> **WHAT IS EXPECTED**:
No pictures should be carried over. Output all other parts of the entries verbatim.

── EXERCISE INPUTS ──

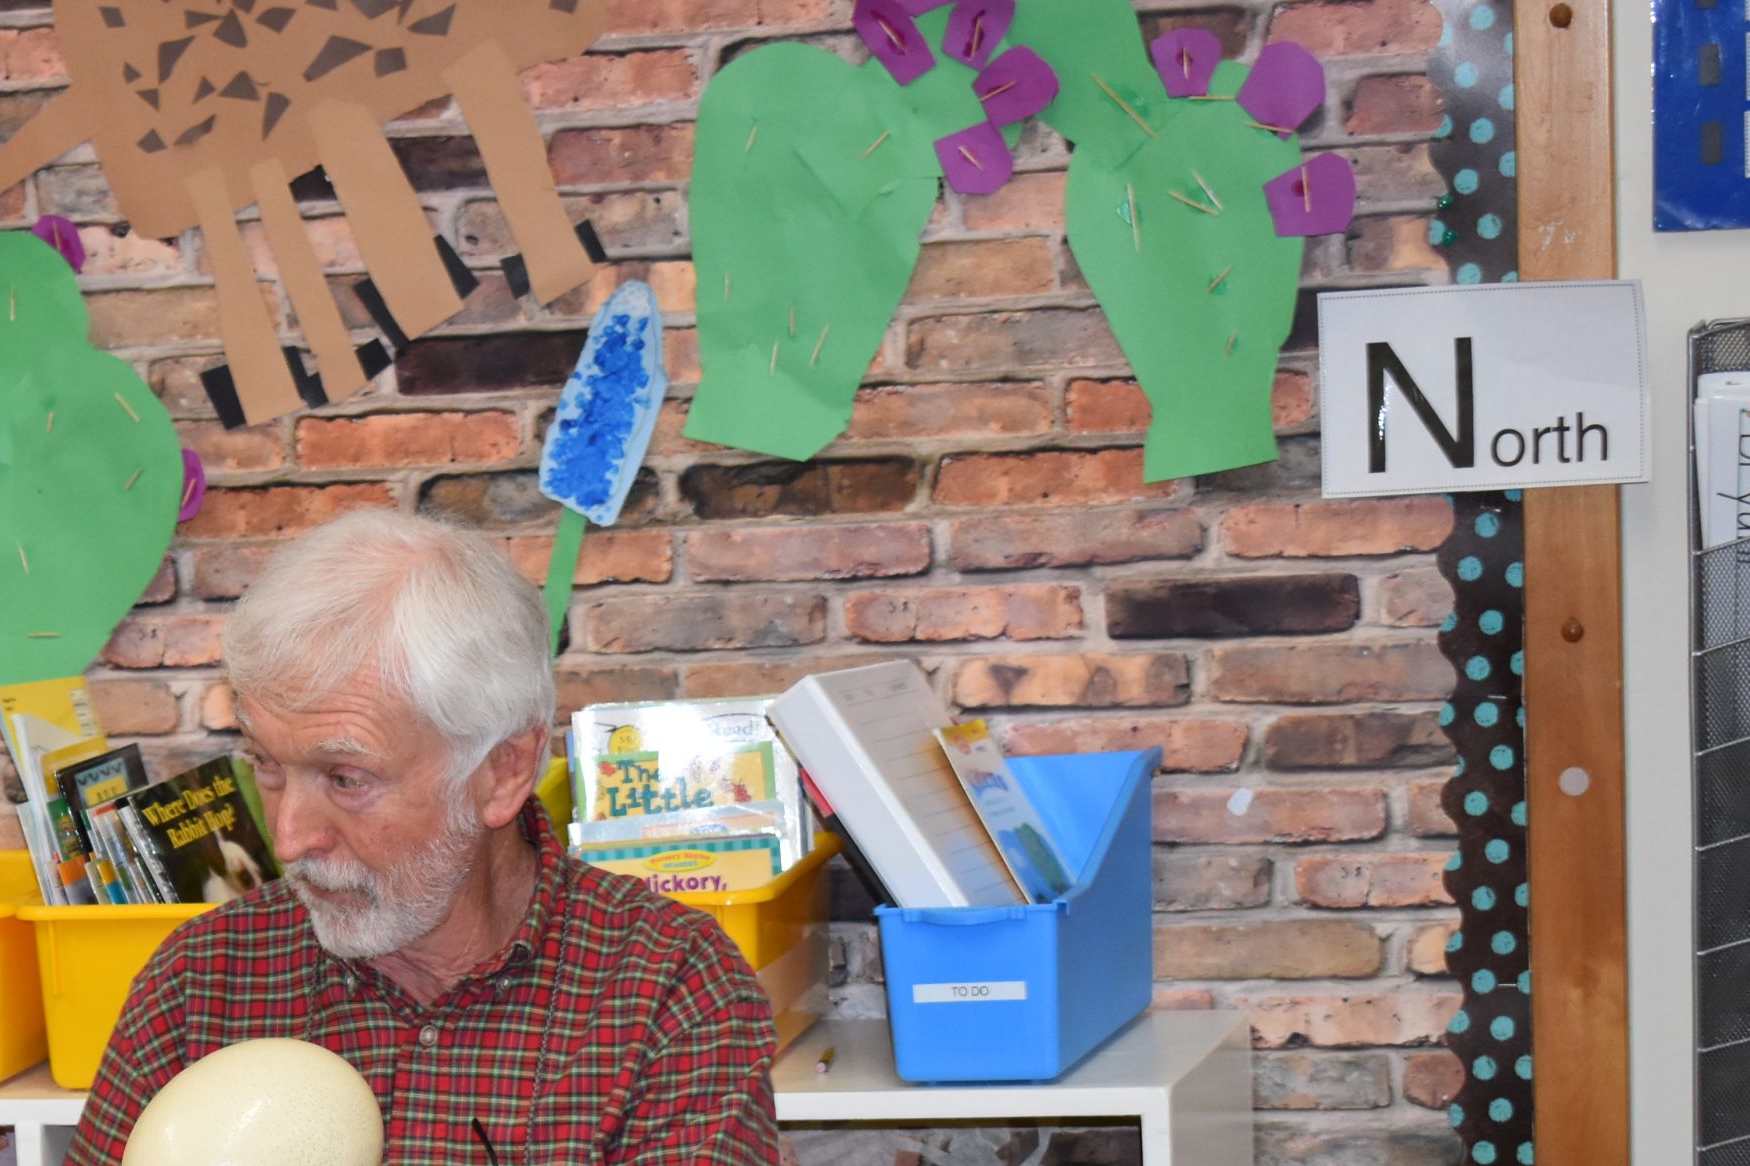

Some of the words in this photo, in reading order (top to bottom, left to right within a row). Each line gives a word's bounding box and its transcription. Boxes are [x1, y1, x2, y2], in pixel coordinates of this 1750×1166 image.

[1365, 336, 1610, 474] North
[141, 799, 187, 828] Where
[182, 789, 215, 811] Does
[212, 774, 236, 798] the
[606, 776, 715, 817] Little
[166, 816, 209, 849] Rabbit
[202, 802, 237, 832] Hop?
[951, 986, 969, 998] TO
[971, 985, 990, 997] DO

───

> **SOLUTION**:
Some of the words in this photo, in reading order (top to bottom, left to right within a row). Each line gives a word's bounding box and its transcription. Boxes are [x1, y1, x2, y2], in pixel coordinates of this 1750×1166 image.

[1365, 336, 1610, 474] North
[141, 799, 187, 828] Where
[182, 789, 215, 811] Does
[212, 774, 236, 798] the
[606, 776, 715, 817] Little
[166, 816, 209, 849] Rabbit
[202, 802, 237, 832] Hop?
[951, 986, 969, 998] TO
[971, 985, 990, 997] DO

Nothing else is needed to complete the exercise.